Exercise brief: Type the data below again exactly. Omit all pictures.

══ Data provided

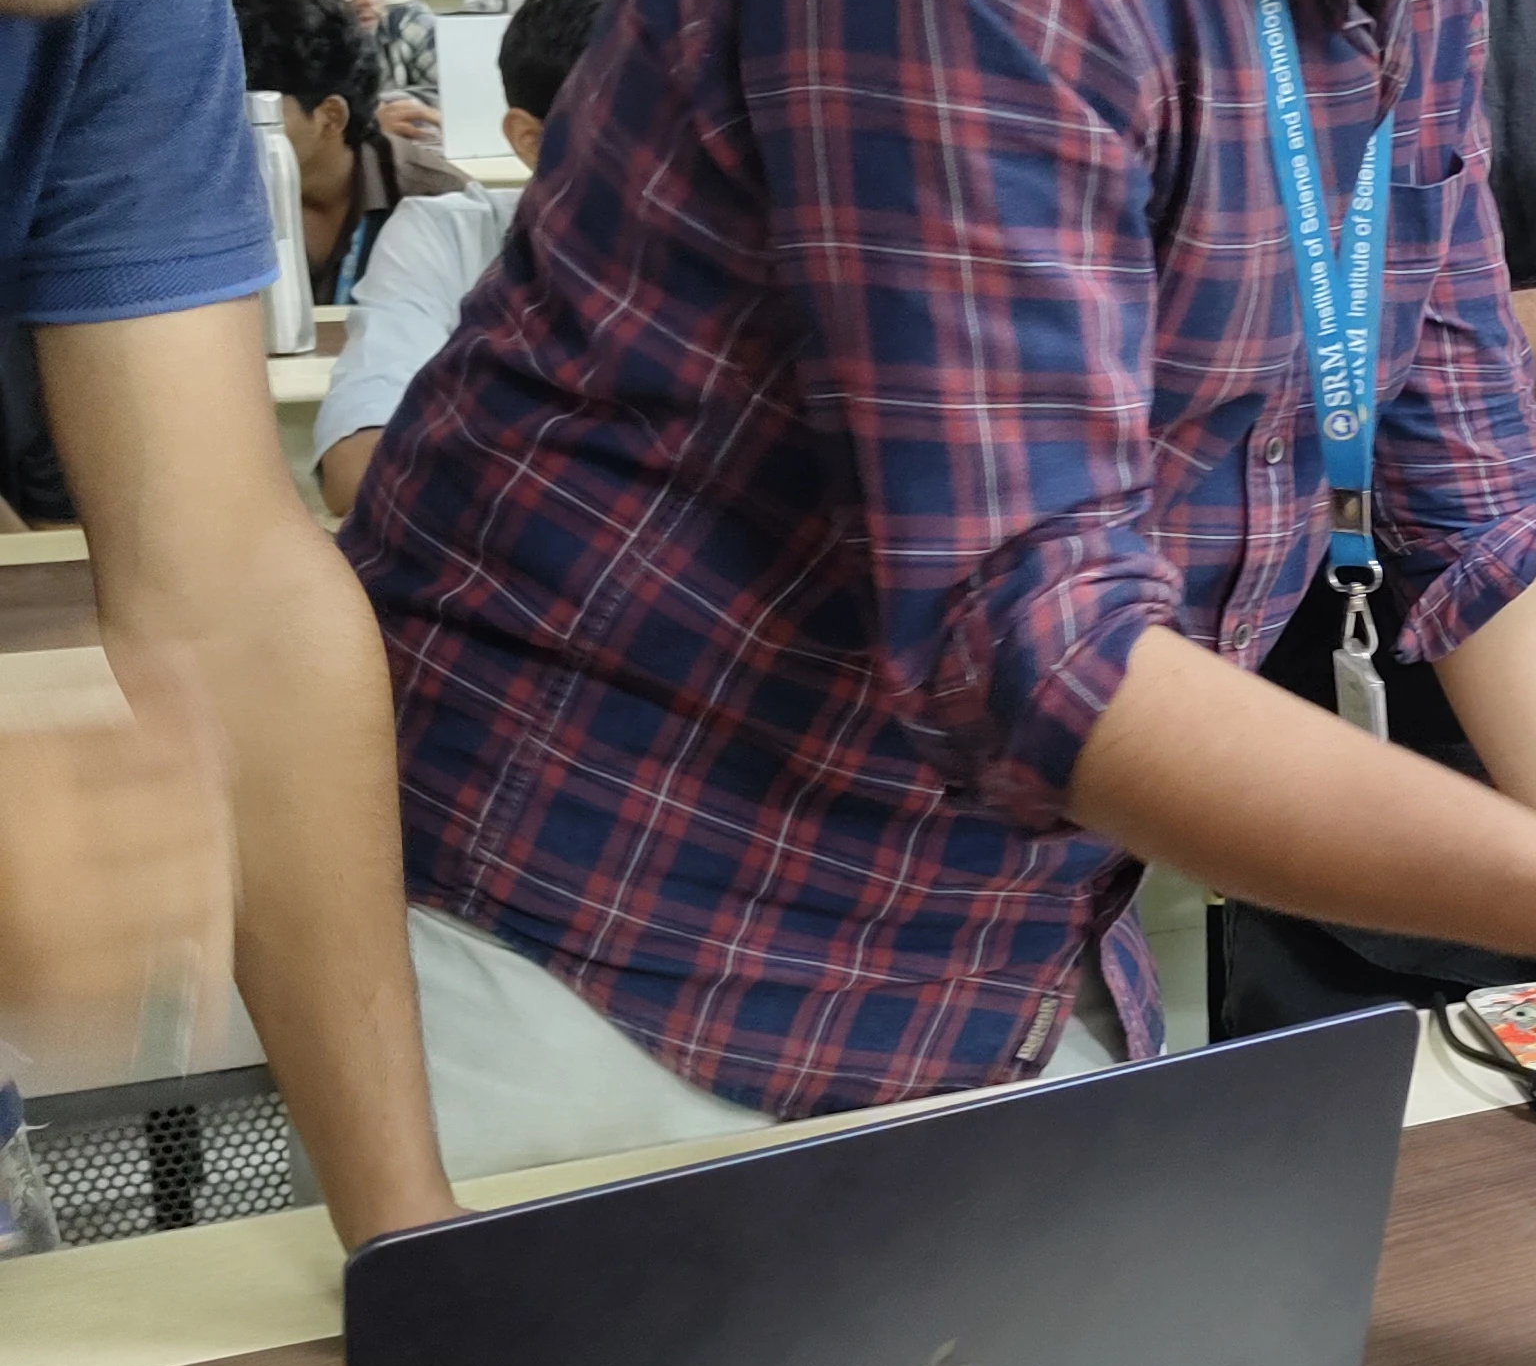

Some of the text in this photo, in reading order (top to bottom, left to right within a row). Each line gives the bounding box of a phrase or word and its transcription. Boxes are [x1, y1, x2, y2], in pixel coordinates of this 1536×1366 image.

[1280, 111, 1305, 150] and
[1291, 154, 1320, 235] Science
[1351, 215, 1373, 236] of
[1302, 237, 1325, 258] of
[1346, 241, 1371, 317] Institute
[1309, 261, 1338, 336] Institute
[1317, 341, 1352, 408] SRM

════

Answer space:
Some of the text in this photo, in reading order (top to bottom, left to right within a row). Each line gives the bounding box of a phrase or word and its transcription. Boxes are [x1, y1, x2, y2], in pixel coordinates of this 1536×1366 image.

[1280, 111, 1305, 150] and
[1291, 154, 1320, 235] Science
[1351, 215, 1373, 236] of
[1302, 237, 1325, 258] of
[1346, 241, 1371, 317] Institute
[1309, 261, 1338, 336] Institute
[1317, 341, 1352, 408] SRM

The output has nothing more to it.